__Entries shown__.
"""

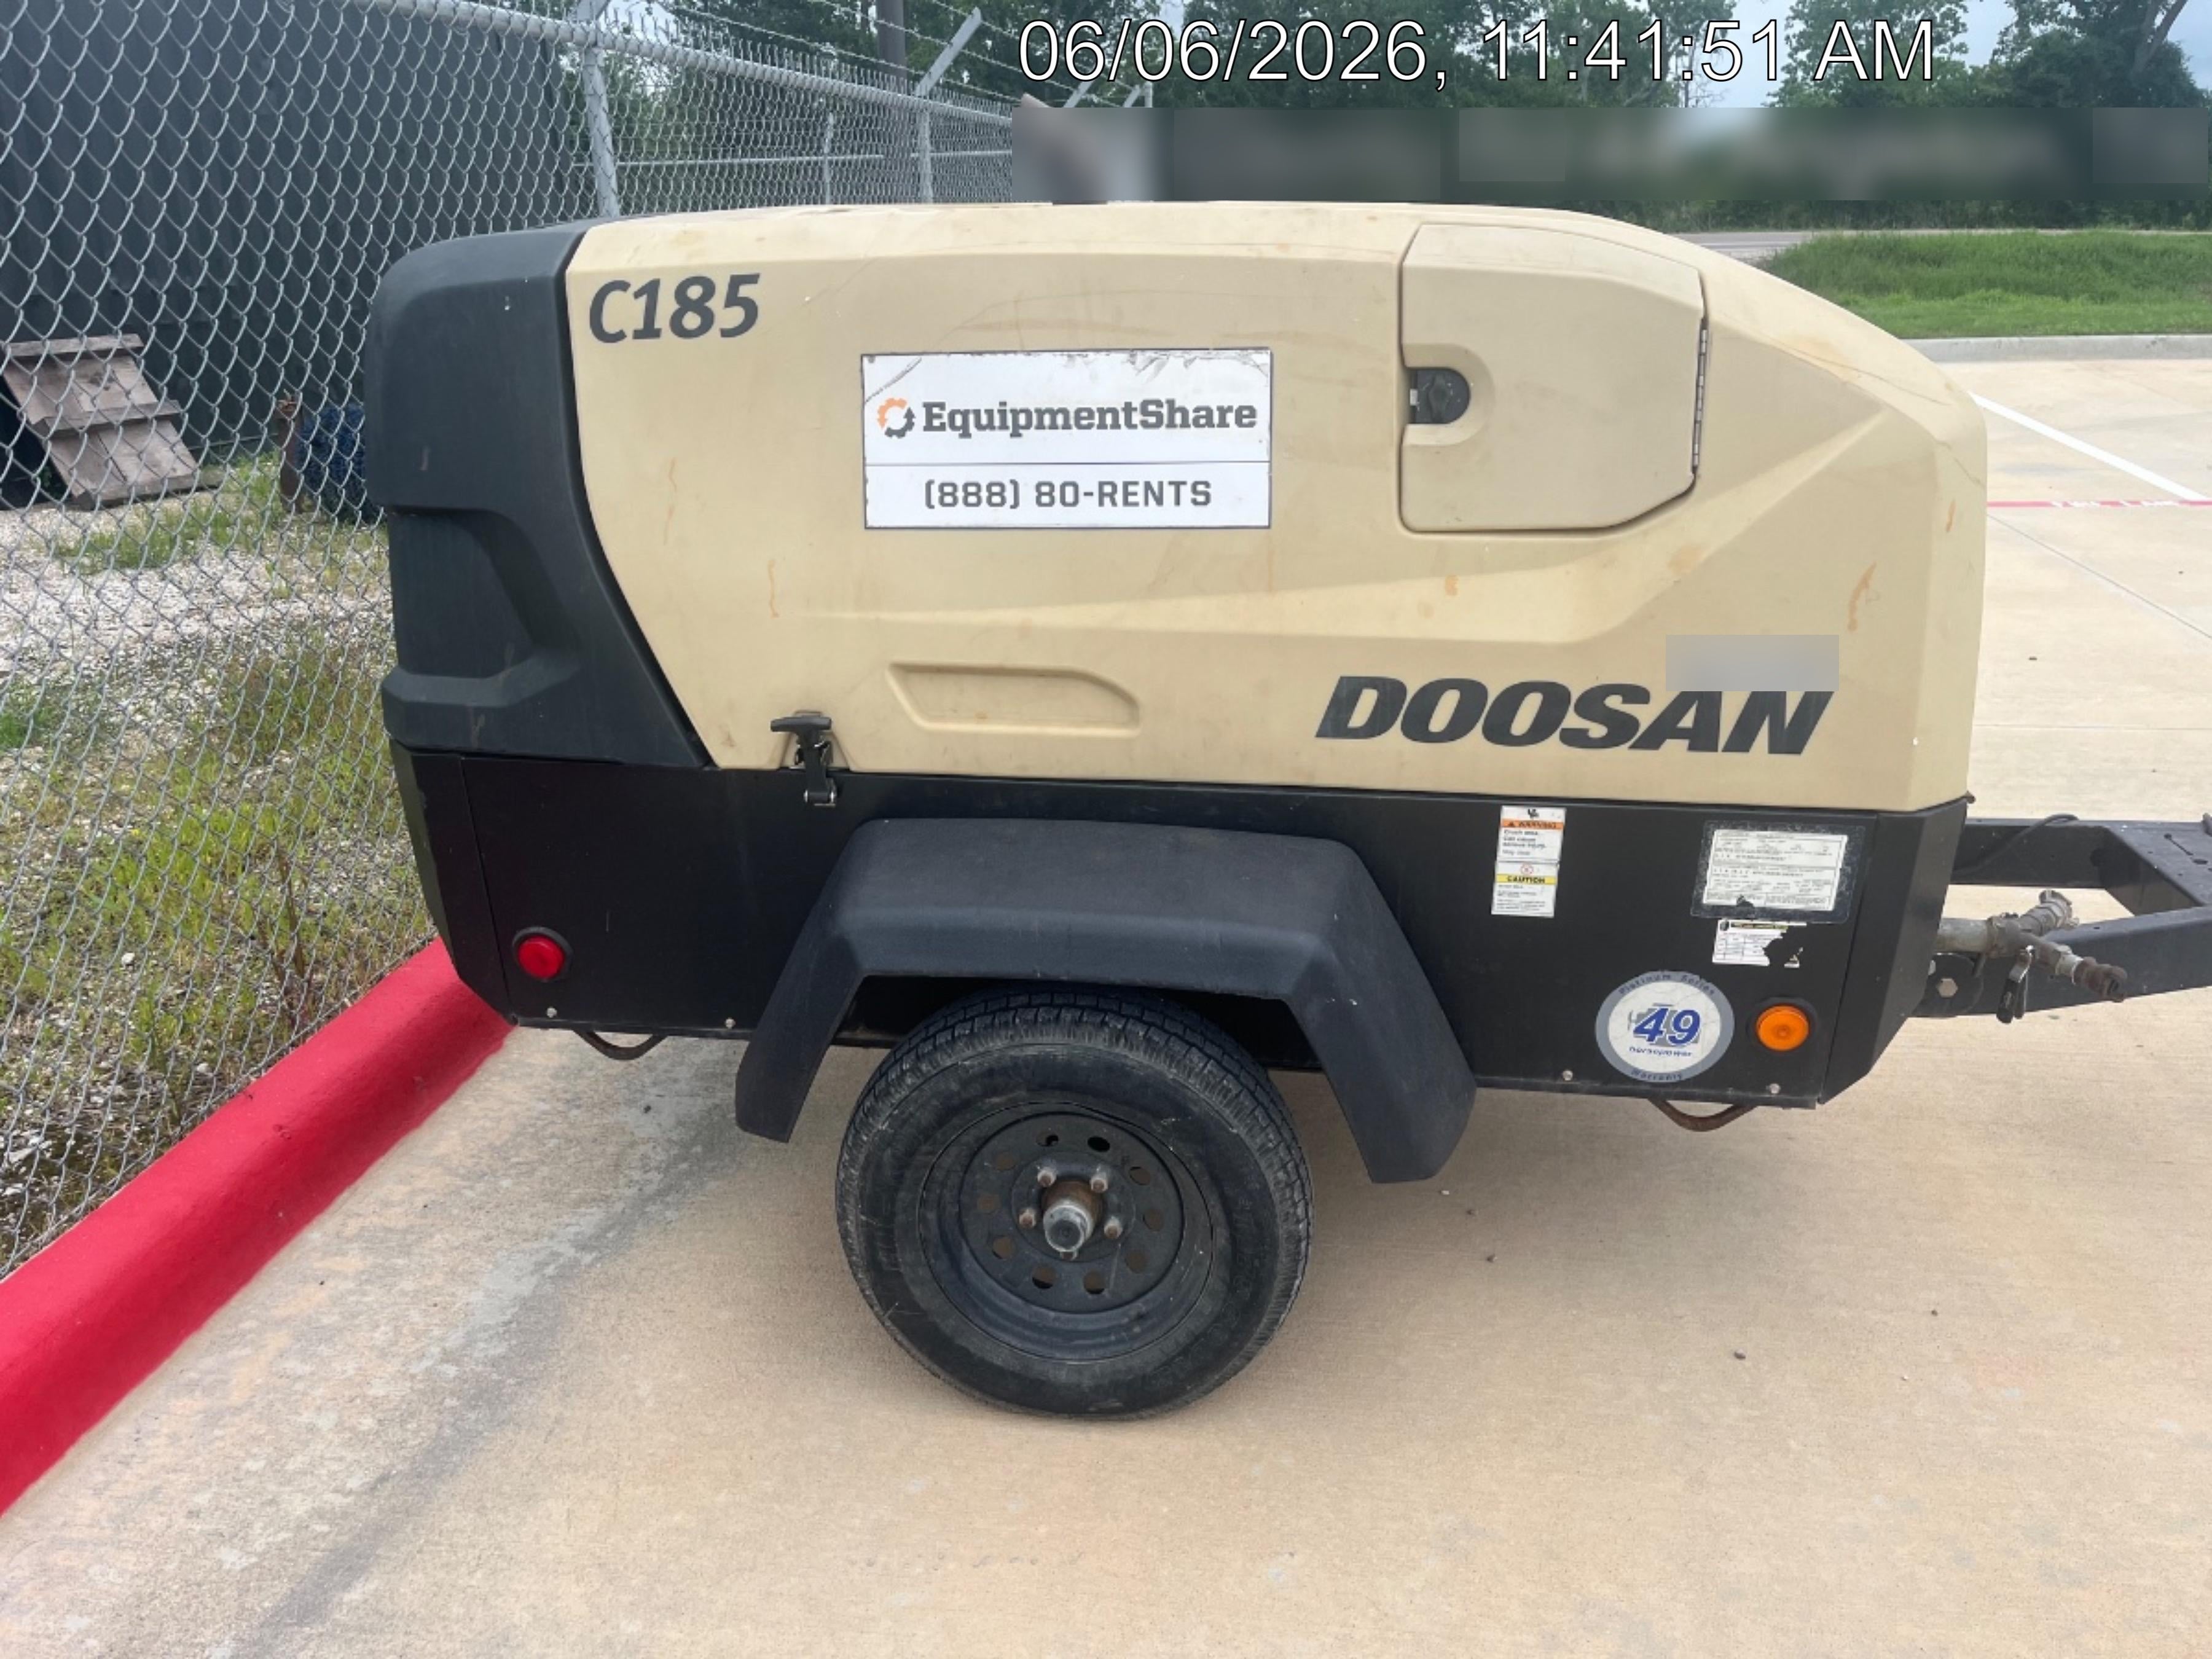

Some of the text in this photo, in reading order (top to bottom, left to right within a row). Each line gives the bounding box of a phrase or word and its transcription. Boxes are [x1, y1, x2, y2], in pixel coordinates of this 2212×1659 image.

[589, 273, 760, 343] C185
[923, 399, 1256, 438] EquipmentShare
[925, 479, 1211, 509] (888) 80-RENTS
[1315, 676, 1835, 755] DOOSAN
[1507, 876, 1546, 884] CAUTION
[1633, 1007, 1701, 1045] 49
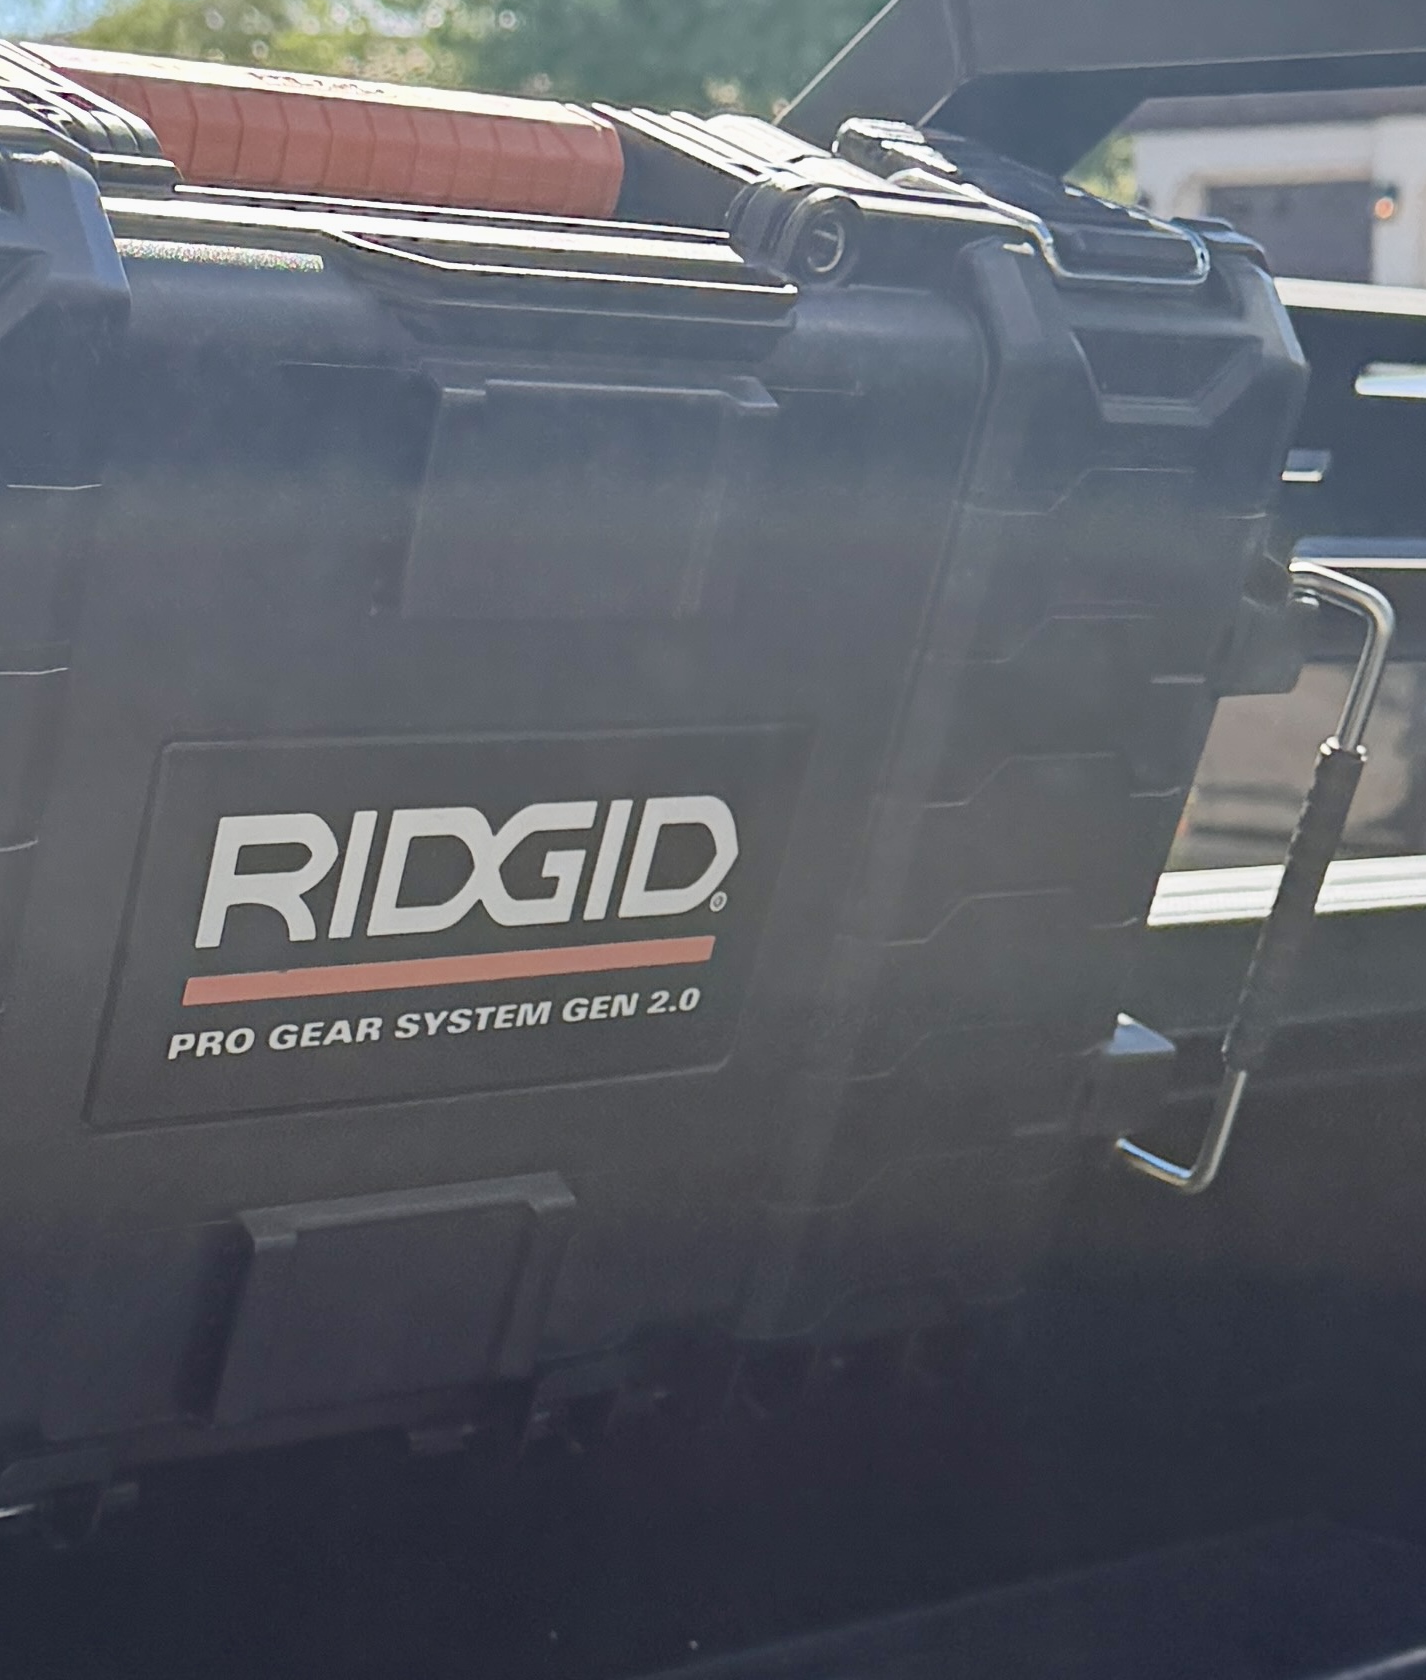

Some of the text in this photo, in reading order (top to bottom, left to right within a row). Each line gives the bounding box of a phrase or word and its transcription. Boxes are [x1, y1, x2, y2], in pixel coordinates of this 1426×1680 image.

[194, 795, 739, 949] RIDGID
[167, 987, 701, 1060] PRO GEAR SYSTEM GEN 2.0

"""

__Brief__. Recreate the listing above word for word, dropping each picture it contains.

__Solution to this problem__.
Some of the text in this photo, in reading order (top to bottom, left to right within a row). Each line gives the bounding box of a phrase or word and its transcription. Boxes are [x1, y1, x2, y2], in pixel coordinates of this 2212×1659 image.

[589, 273, 760, 343] C185
[923, 399, 1256, 438] EquipmentShare
[925, 479, 1211, 509] (888) 80-RENTS
[1315, 676, 1835, 755] DOOSAN
[1507, 876, 1546, 884] CAUTION
[1633, 1007, 1701, 1045] 49

Some of the text in this photo, in reading order (top to bottom, left to right within a row). Each line gives the bounding box of a phrase or word and its transcription. Boxes are [x1, y1, x2, y2], in pixel coordinates of this 1426×1680 image.

[194, 795, 739, 949] RIDGID
[167, 987, 701, 1060] PRO GEAR SYSTEM GEN 2.0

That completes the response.